Step 5: table in column width

Step 5: table in column width

Awesome! No more errors from whatever obscure means through which you’d otherwise be getting your data into a LaTeX table.

Two-column tables

Finally, the acm-article documentation again tells us that we can get our table to span two columns by putting it in a \table* rather than a \tableenvironment. It turns out that there’s not at the moment any easy way to do this from within R Markdown (the fig.env chunk option doesn’t work with tables when we use the kable function).

Update 7 Aug 2018: Yihui Xie, creator of knitr, told me that this is done just as easily. We simply add table.env='table*' as argument to the kable function:

```{r table-iris-wide, echo=FALSE}
iris %>%
  select(-Species) %>%  #drop the species column
  head(10) %>%          #show just the first 10 rows
  knitr::kable(format = "latex", table.env='table*', booktabs = TRUE, caption = "The favorite iris' of Tenacious D.")
```

Et voilá, our table is put in a \table* environment in the .tex file and now spans two columns:

Step 5: table in full width

Step 5: table in full width

Step 6. Referencing our figures and tables

To finish off, how do we reference our figures and tables?
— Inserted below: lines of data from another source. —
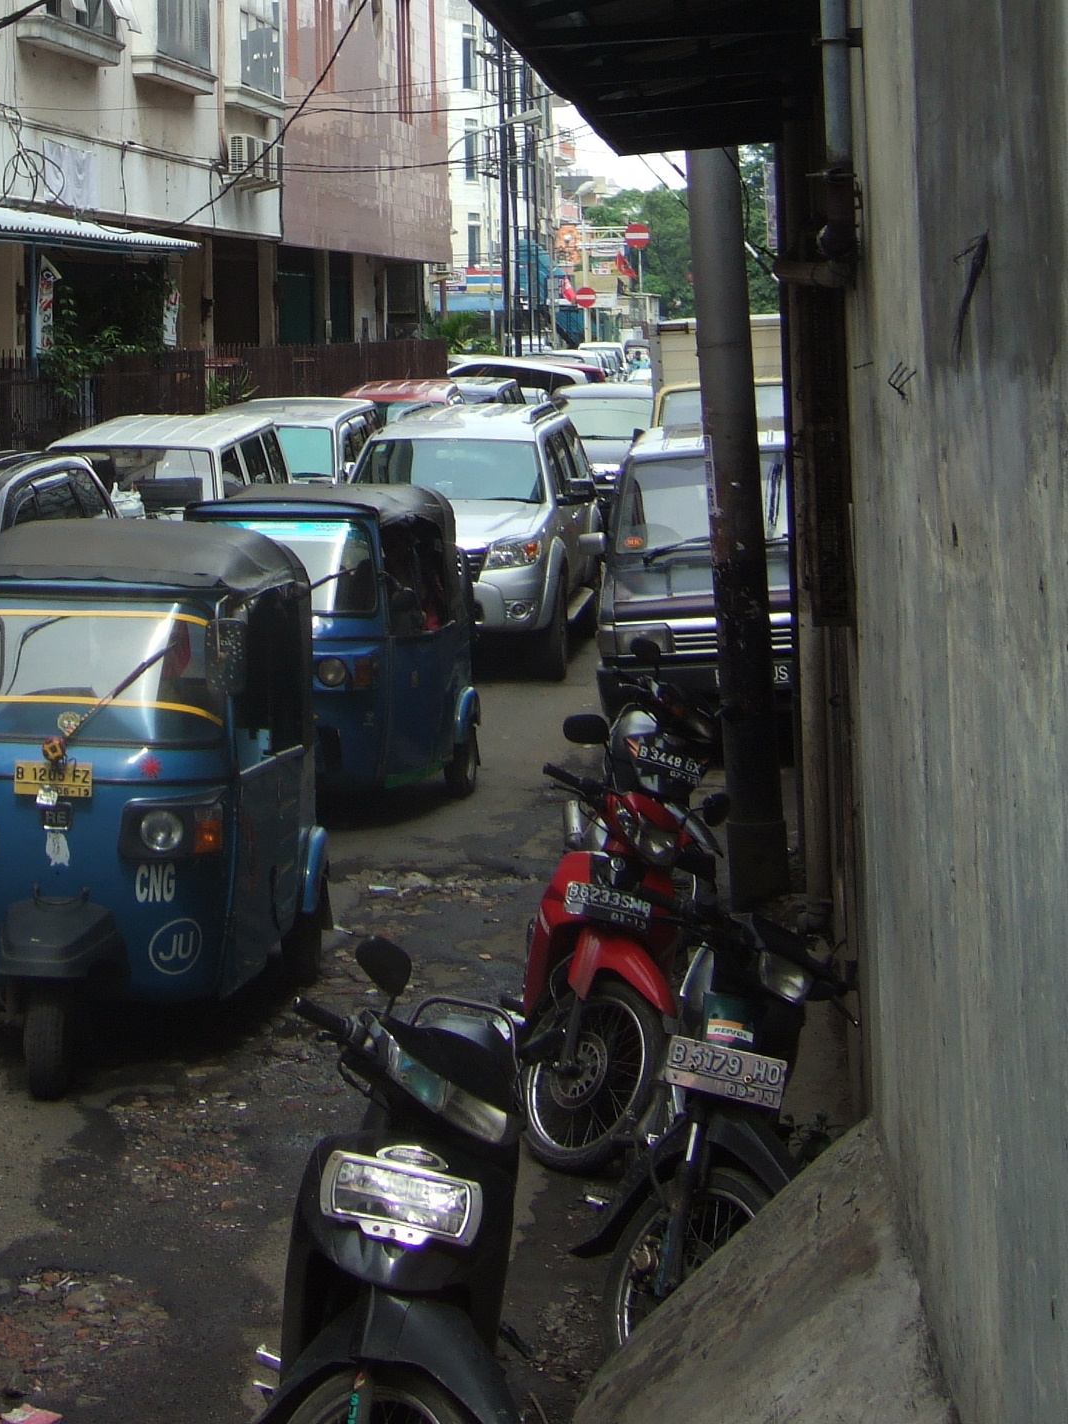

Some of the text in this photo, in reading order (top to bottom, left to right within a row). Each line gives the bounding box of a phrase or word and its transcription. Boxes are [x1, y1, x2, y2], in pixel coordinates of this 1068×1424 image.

[72, 769, 90, 784] FZ
[45, 811, 67, 824] RE
[135, 863, 176, 903] CNG
[158, 931, 194, 961] JU
[673, 1043, 687, 1064] B
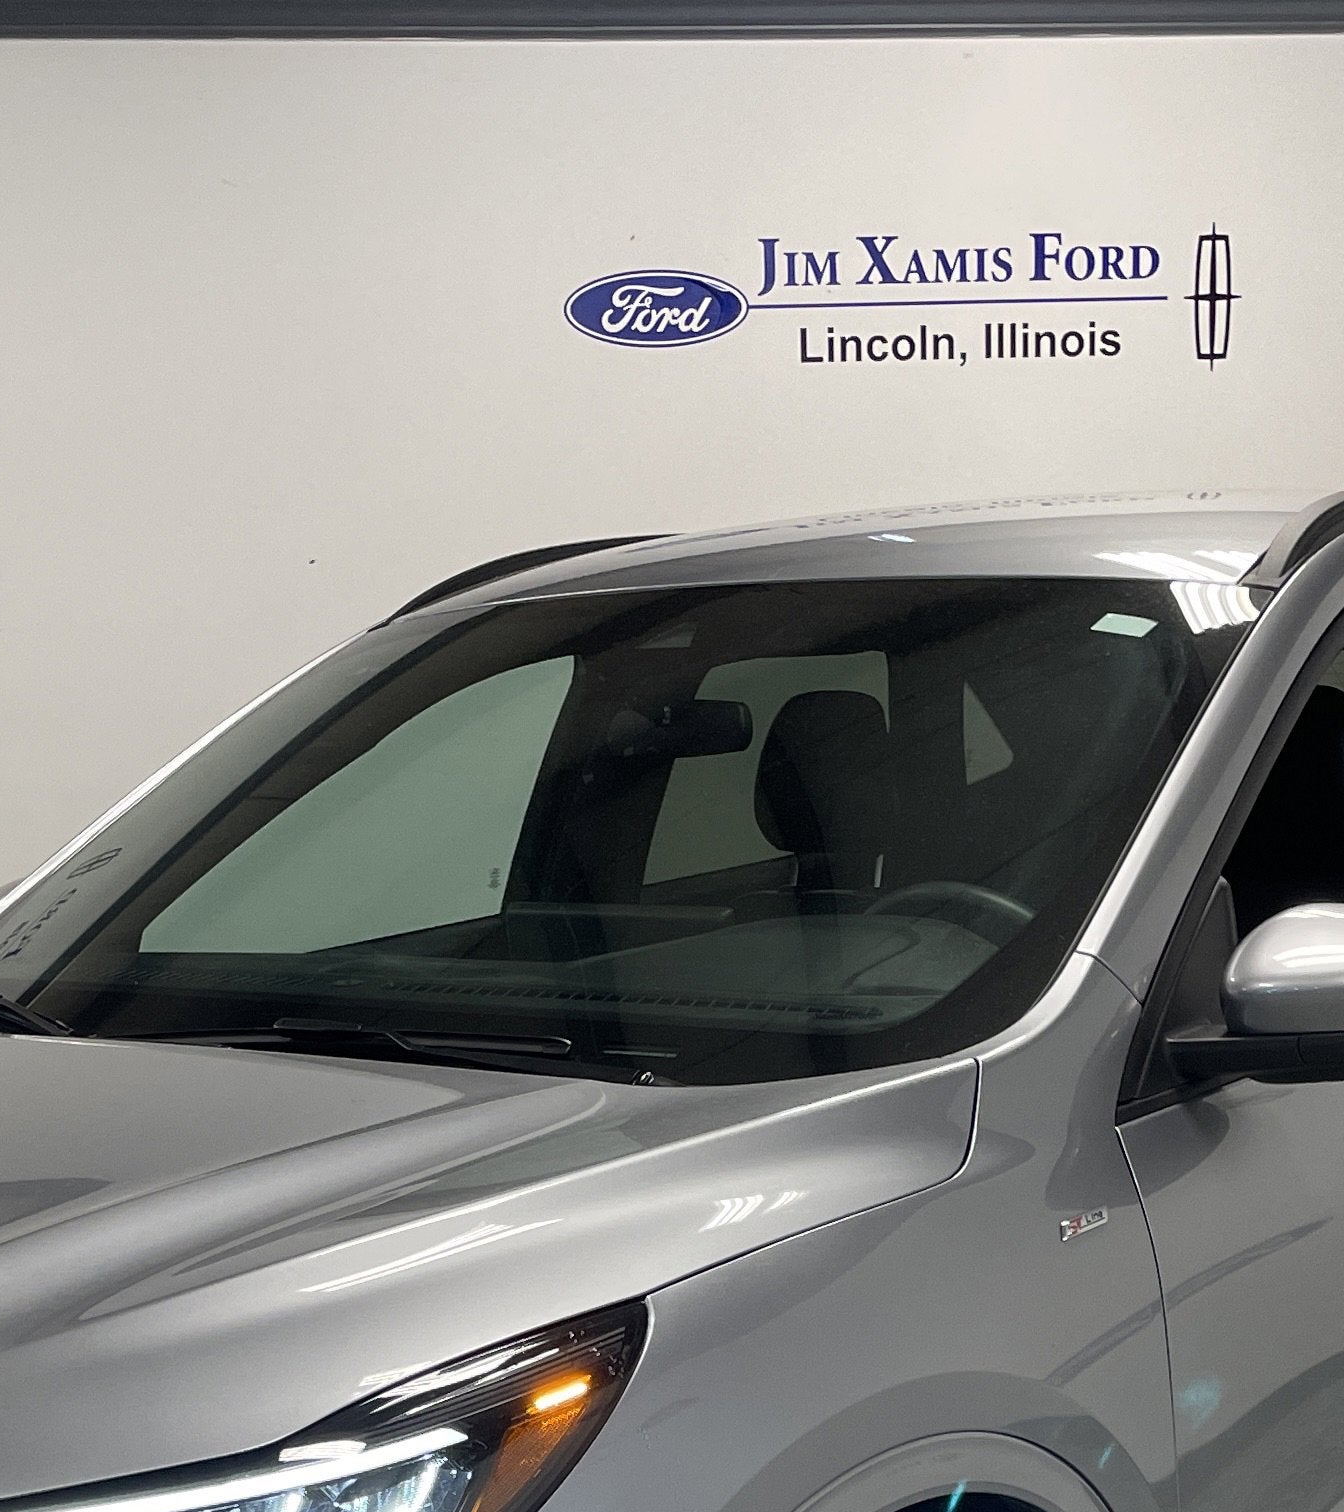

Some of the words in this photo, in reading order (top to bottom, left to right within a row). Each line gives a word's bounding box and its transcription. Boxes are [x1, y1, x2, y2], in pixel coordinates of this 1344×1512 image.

[756, 237, 841, 297] JIM
[855, 235, 1014, 286] XAMIS
[1029, 232, 1161, 282] FORD
[601, 284, 712, 334] Ford
[798, 323, 968, 368] Lincoln,
[984, 321, 1122, 360] Illinois
Two options - the first is to simply use standard LaTeX syntax (you can use any LaTeX syntax within your Rmd file if you’re compiling it to a PDF). For example:

(...) over time is shown in Figure \ref{fig:col-width-tribute-plot}.

That’s fine, but if you want to keep the option of outputting to another format than PDF in the future, e.g. gitbook or Word, you’ll want to use bookdown’s slightly different syntax:

(...) over time is shown in Figure \@ref(fig:tribute-plot).

Either way, the .tex output is the same, and so is the result:

Step 6: referencing figures and tables

Step 6: referencing figures and tables

Step 7. Celebrate!

You now know how to use R Markdown alongside the ACM master templates. Yay for reproducible research!